- **WORK ORDER**
In the copy, include all of the listing exactly and none of its pictures.

※

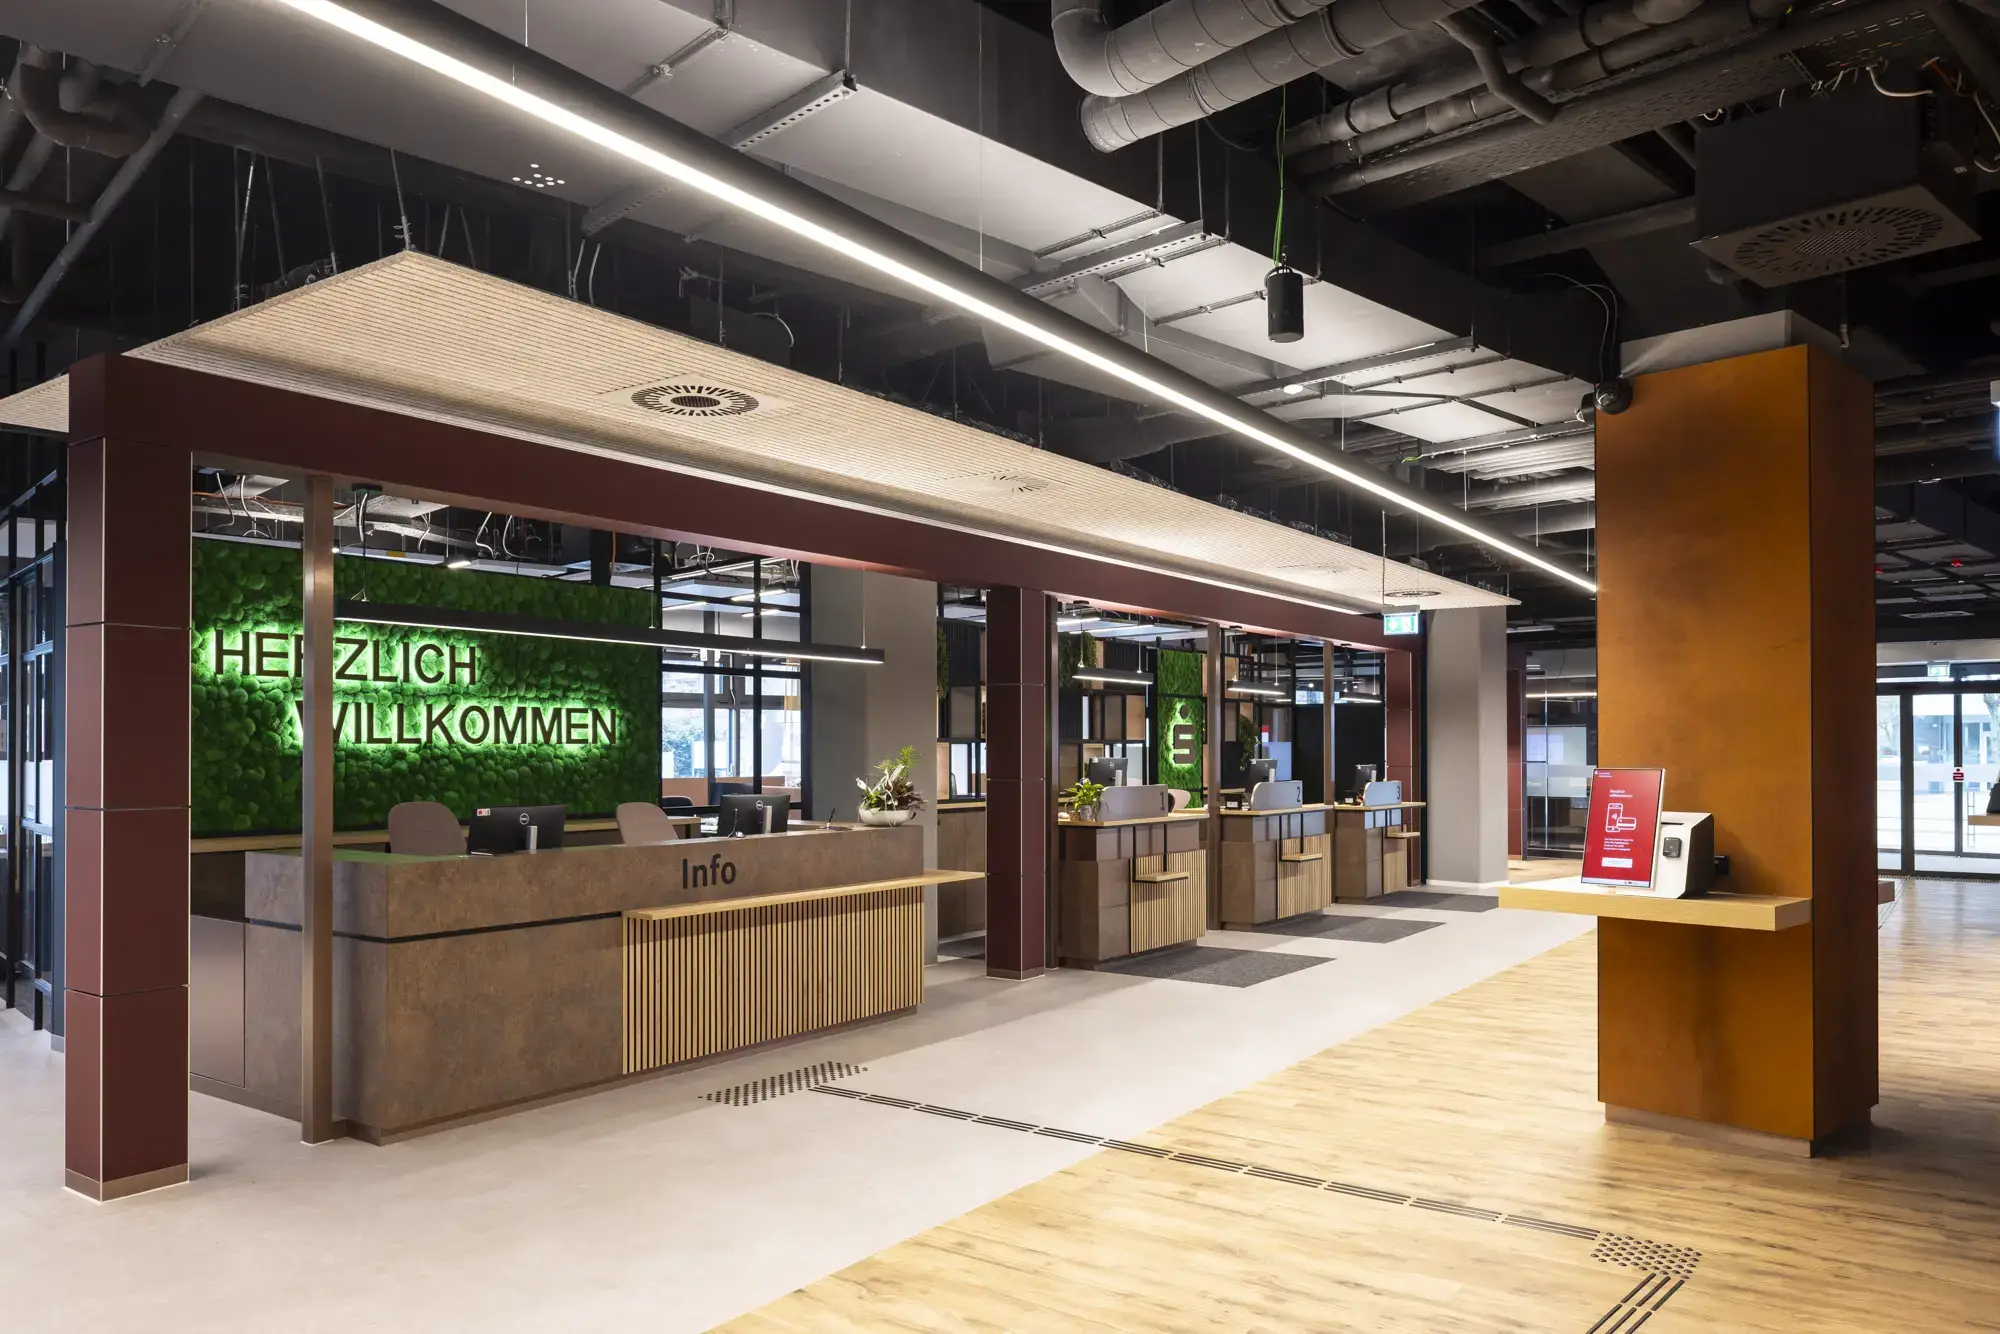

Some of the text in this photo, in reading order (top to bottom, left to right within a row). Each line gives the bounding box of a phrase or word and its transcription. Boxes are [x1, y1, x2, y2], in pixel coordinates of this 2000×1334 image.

[216, 629, 477, 686] HEZLICH
[1159, 791, 1166, 811] 1
[1296, 785, 1301, 803] 2
[1396, 785, 1401, 800] 3
[682, 853, 737, 890] Info

※

- **RESPONSE**
Some of the text in this photo, in reading order (top to bottom, left to right within a row). Each line gives the bounding box of a phrase or word and its transcription. Boxes are [x1, y1, x2, y2], in pixel coordinates of this 2000×1334 image.

[216, 629, 477, 686] HEZLICH
[1159, 791, 1166, 811] 1
[1296, 785, 1301, 803] 2
[1396, 785, 1401, 800] 3
[682, 853, 737, 890] Info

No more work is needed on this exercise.